Home » Razors and Masculinity: Creating a False Perception of Reality

Razors and Masculinity: Creating a False Perception of Reality

This video has caused a lot of controversy over the last couple of days. So much so that it has caused me to do two things. First, I’ve pre-empte the post originally scheduled for today, and second, I’m late posting this as I’ve worked hard to make sure that what I say conveys my meaning accurately without being overly in-your-face, or provocative.

Yeah, making noise gets you noticed, but it doesn’t really get you listened to, except by those who already agree with you. If I want to establish communication with those in opposition, and in this case, I desperately want to do so, it is on me to present my ideas in a way that is accessible, and doesn’t set them off or put them on the defensive. At the same time, I cannot water down my position so far that it becomes meaningless, or easily dismissible.

It creates a very narrow tightrope.

The bottom line is this: the Gillette video is sexist, demeaning, and an attack on men. And to steal a hashtag from the opposition, #yesallmen.

Before we get started, please watch the video, if you haven’t already. I’m going to refer to specific scenes and unless you’ve watched them, my comments won’t have the same effect.

Setting the tone.

“Bullying, metoo, toxic masculinity” The video opens with men staring into the mirror with what could be described as haunted looks in their eyes as voice overs announce a litany of attacks on men, followed by the announcer asking, “Is this the best a man can get?” Right from the start, the video defines men by the lowest behaviors imaginable. Sexual harassment and assault. Victimization. Sexism. Is there anybody anywhere who would say that these characteristics define men to the exclusion of all else? And that these actions define men as the best they can be?

Of course not. At least, nobody sane. But for the purpose of this commercial, we’ve just defined the basic nature of man as brutish, violent, and toxic.

And people don’t understand why men are reacting badly to this?

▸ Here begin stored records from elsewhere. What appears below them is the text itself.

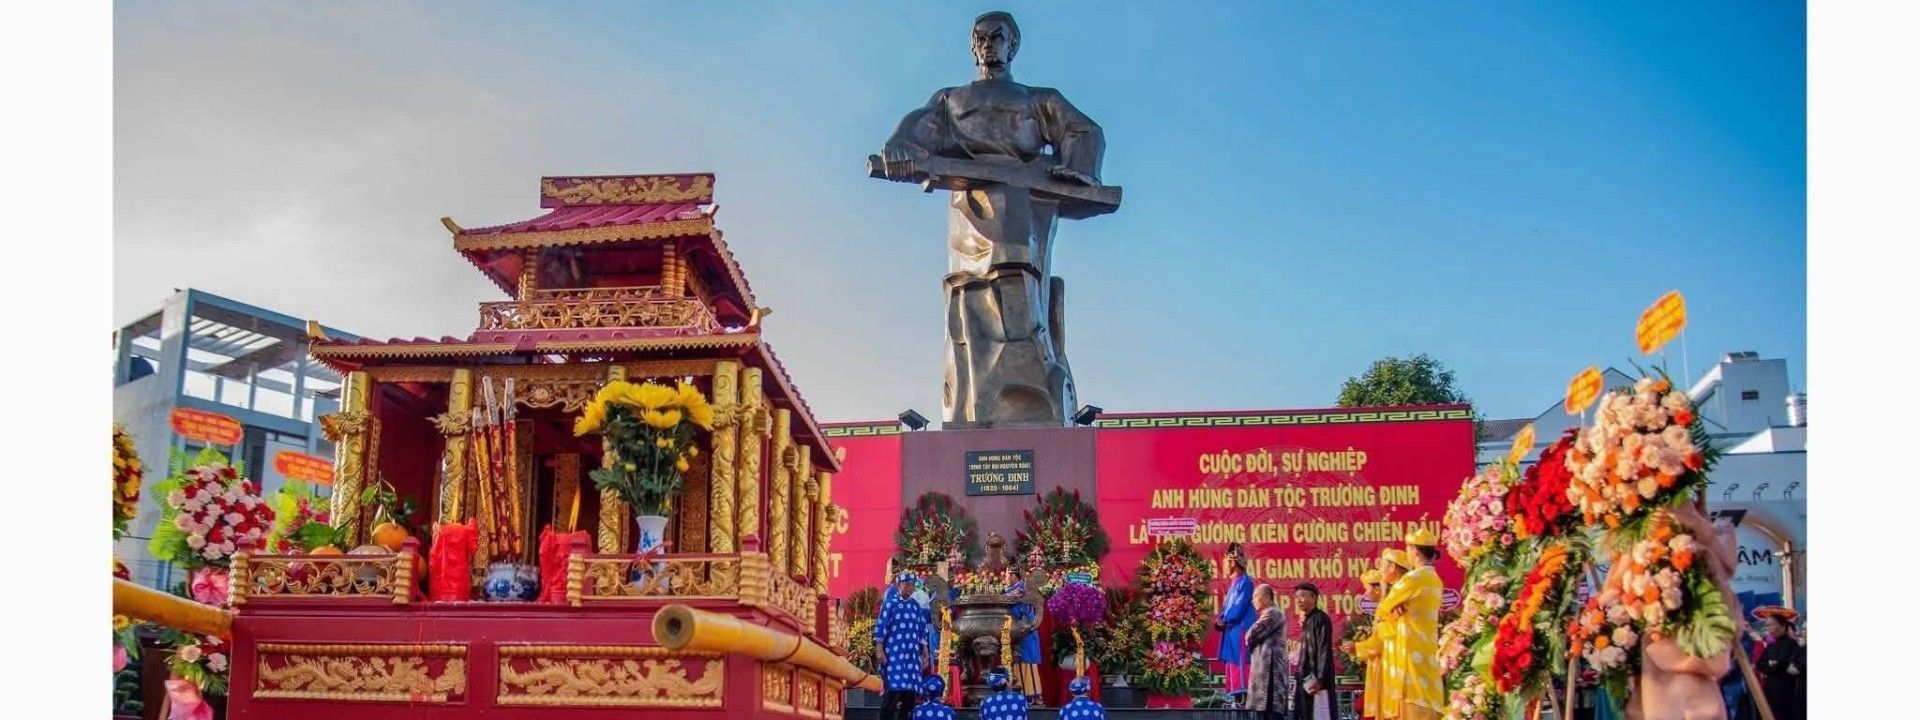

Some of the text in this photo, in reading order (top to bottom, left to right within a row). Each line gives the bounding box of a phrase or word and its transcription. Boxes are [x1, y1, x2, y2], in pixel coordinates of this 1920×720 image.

[1199, 446, 1367, 479] CUỘC ĐỜI, SỰ NGHIỆP
[1151, 482, 1420, 514] ANH HÙNG DÂN TỘC TRƯƠNG ĐỊNH
[1129, 519, 1149, 544] LÀ
[1250, 519, 1289, 543] KIÊN
[1292, 516, 1349, 544] CƯỜNG
[1352, 512, 1403, 542] CHIẾN
[1265, 558, 1305, 579] GIAN
[1309, 548, 1343, 579] KHỔ

This is how you start a discussion? Really? You’ve just announced that, up until this razor company decided to make a stand, that violence and oppression are the definitions of manhood. This is the standard for men. The best that could be hoped for. And that’s garbage. It’s a false assumption but it is the basis for everything that follows.

Doubling down.

Next, we get reinforcing images of the awfulness of the male sex, a group of boys chasing another boy, scared and running for his life. A young boy clinging to his mother while word balloons with pejoratives fill the screen. A cartoon of a woman primping and men whistling. Scene after scene culminating with a long line of men standing behind grills, chanting “Boys will be boys will be boys,” while two boys wrestle in the grass.

The message is clear. All the images that have been used apply to all men. This is the norm. Men suck.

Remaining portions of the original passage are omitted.